**Records supplied**
· · · ·

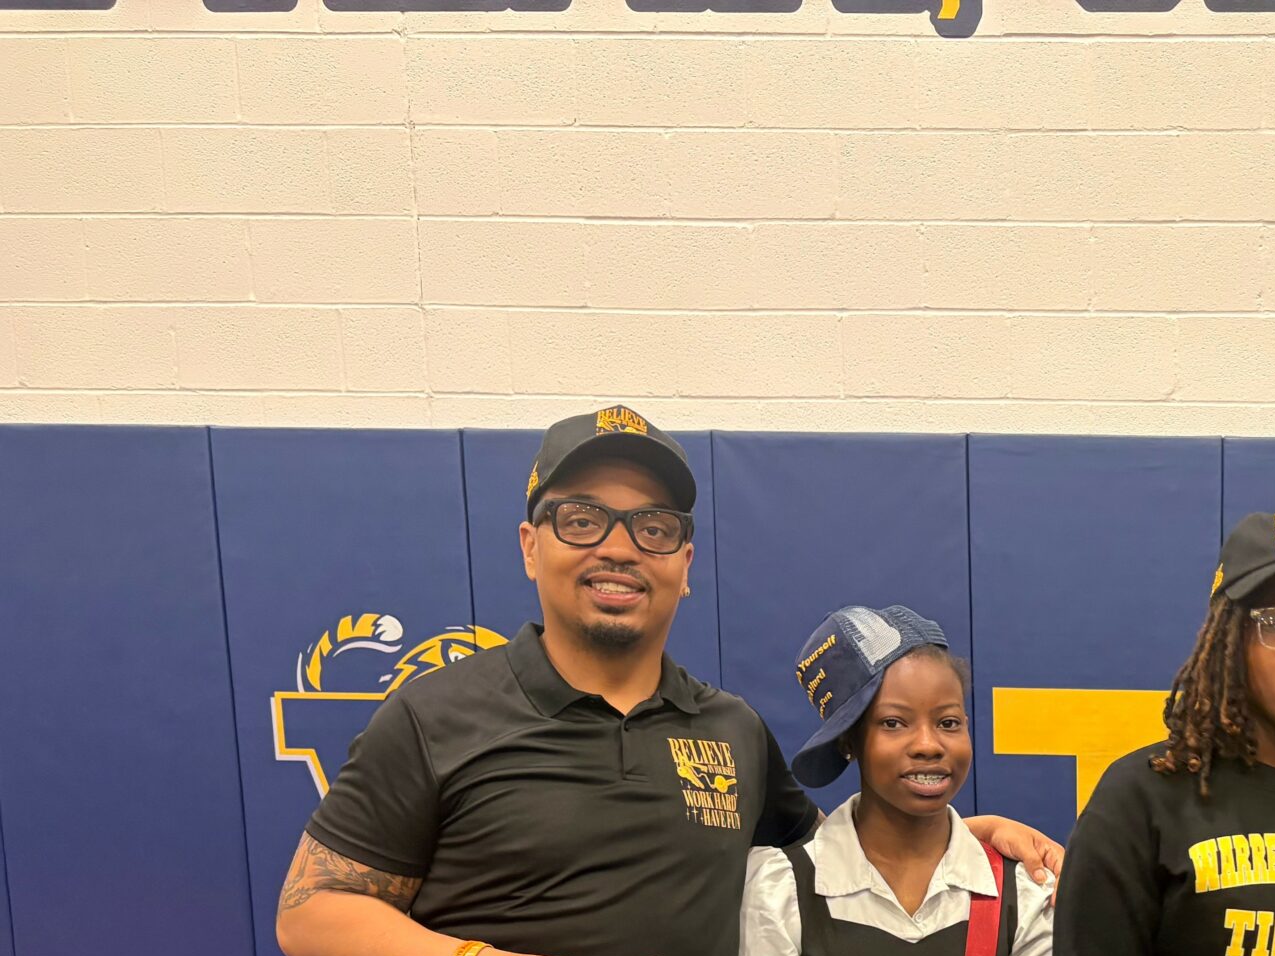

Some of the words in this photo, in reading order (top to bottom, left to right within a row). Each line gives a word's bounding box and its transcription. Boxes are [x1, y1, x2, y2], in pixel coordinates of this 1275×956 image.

[597, 408, 647, 433] BELIEVE
[667, 738, 735, 767] BELIEVE
[682, 790, 714, 809] WORK
[714, 792, 737, 811] HARD
[703, 808, 727, 828] HAVE
[727, 811, 741, 830] FUN
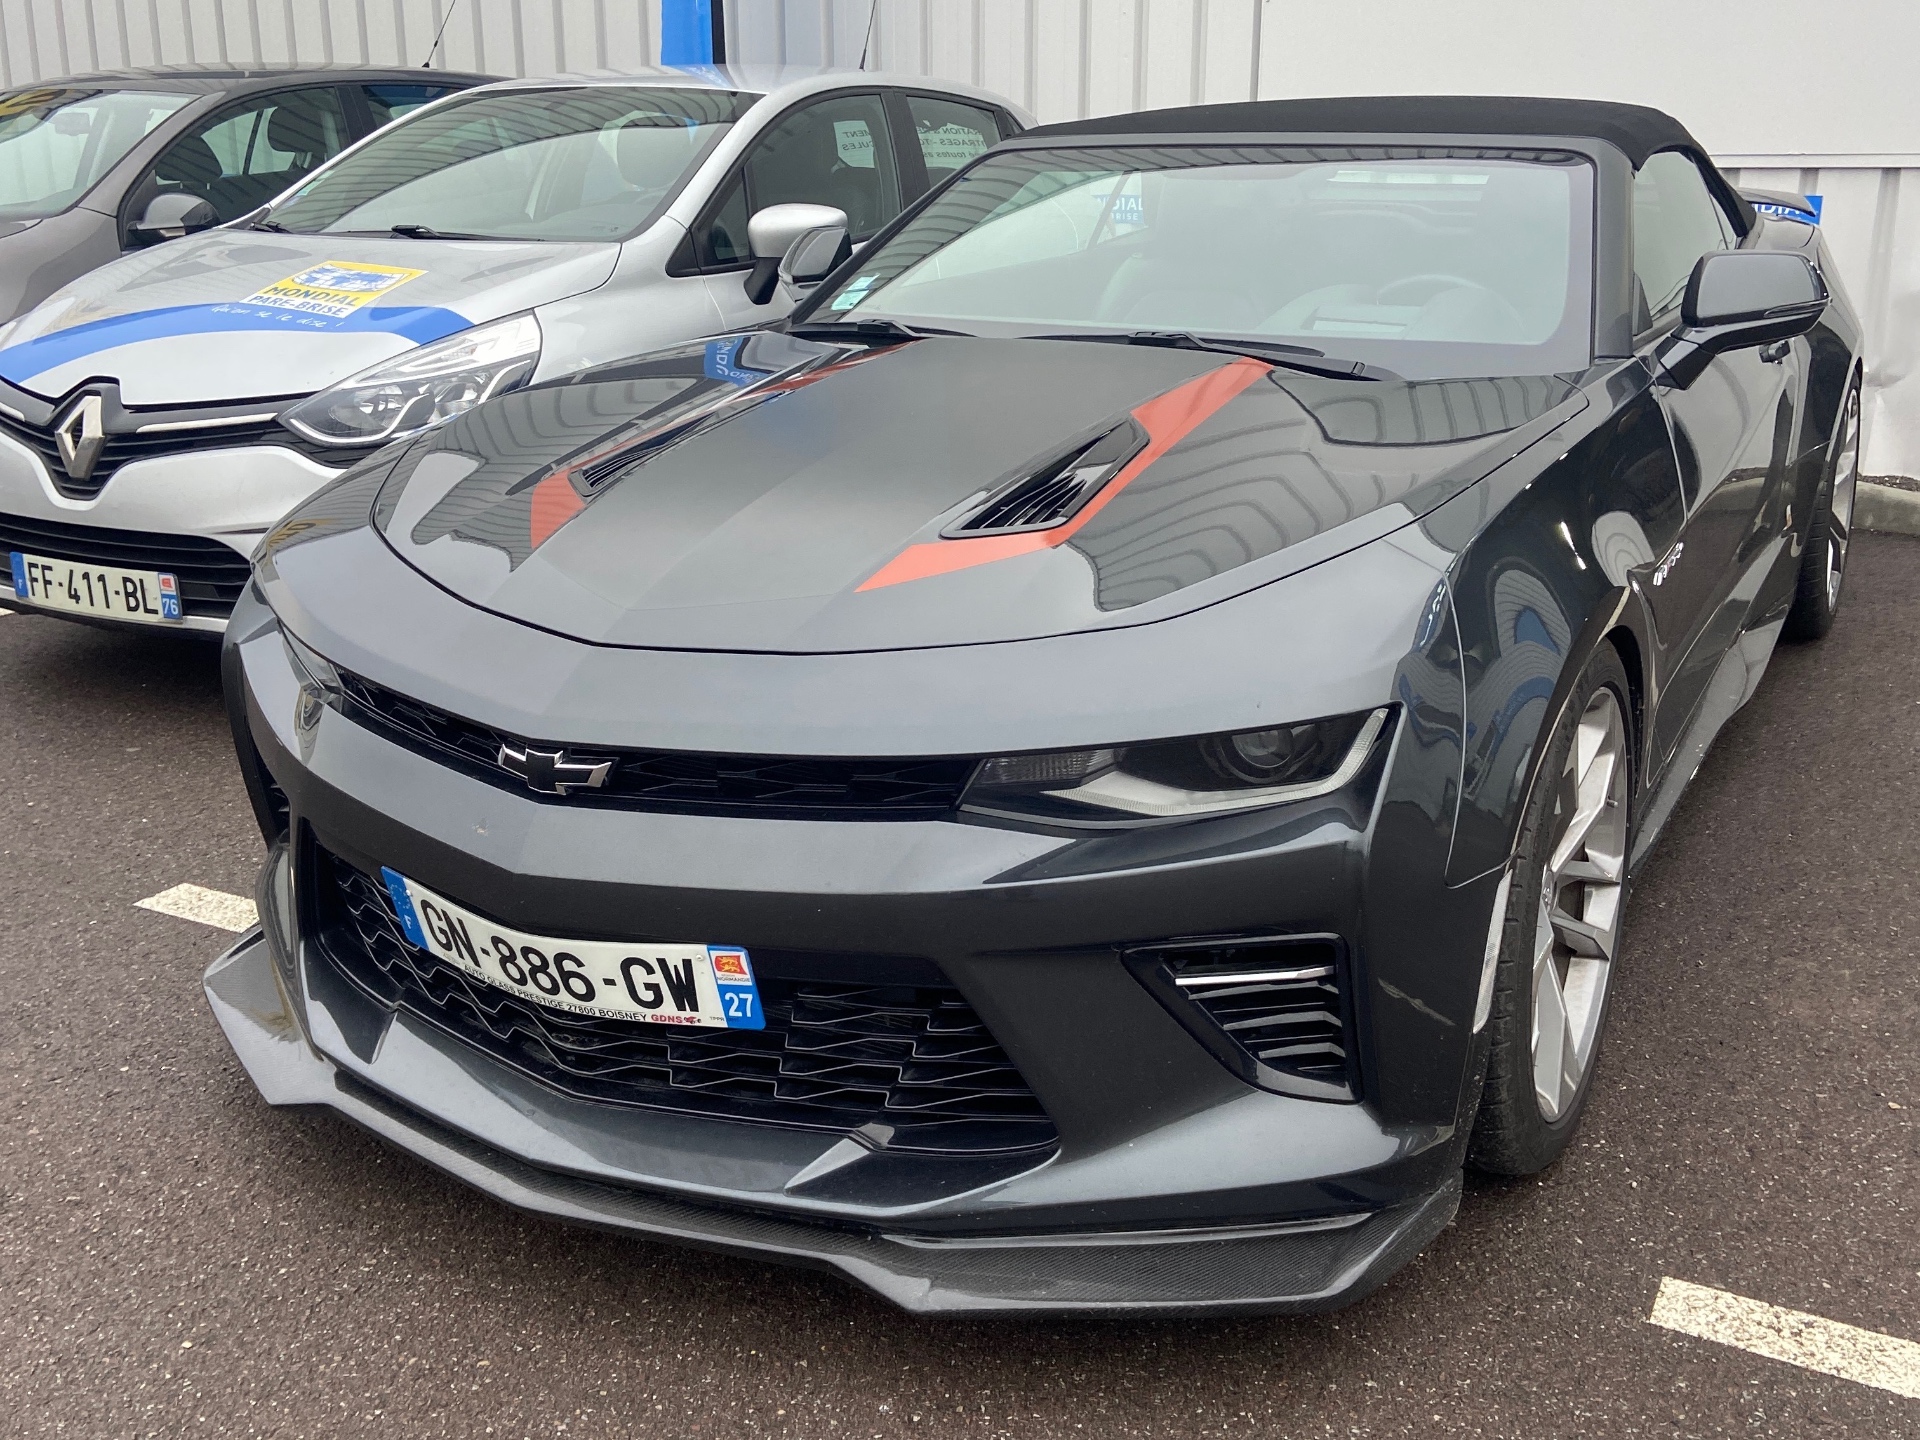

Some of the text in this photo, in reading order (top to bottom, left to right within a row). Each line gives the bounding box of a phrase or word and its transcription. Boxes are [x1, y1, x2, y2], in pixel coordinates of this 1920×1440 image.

· · · ·

**What is being asked**
Print the listing again exactly as it appears, except for the pictures, which stay out.

**Answer to this exercise**
Some of the words in this photo, in reading order (top to bottom, left to right within a row). Each line gives a word's bounding box and its transcription. Boxes are [x1, y1, x2, y2], in pixel coordinates of this 1275×956 image.

[597, 408, 647, 433] BELIEVE
[667, 738, 735, 767] BELIEVE
[682, 790, 714, 809] WORK
[714, 792, 737, 811] HARD
[703, 808, 727, 828] HAVE
[727, 811, 741, 830] FUN

Some of the text in this photo, in reading order (top to bottom, left to right within a row). Each line gives the bounding box of a phrase or word and its transcription. Boxes are [x1, y1, x2, y2], in pixel coordinates of this 1920×1440 image.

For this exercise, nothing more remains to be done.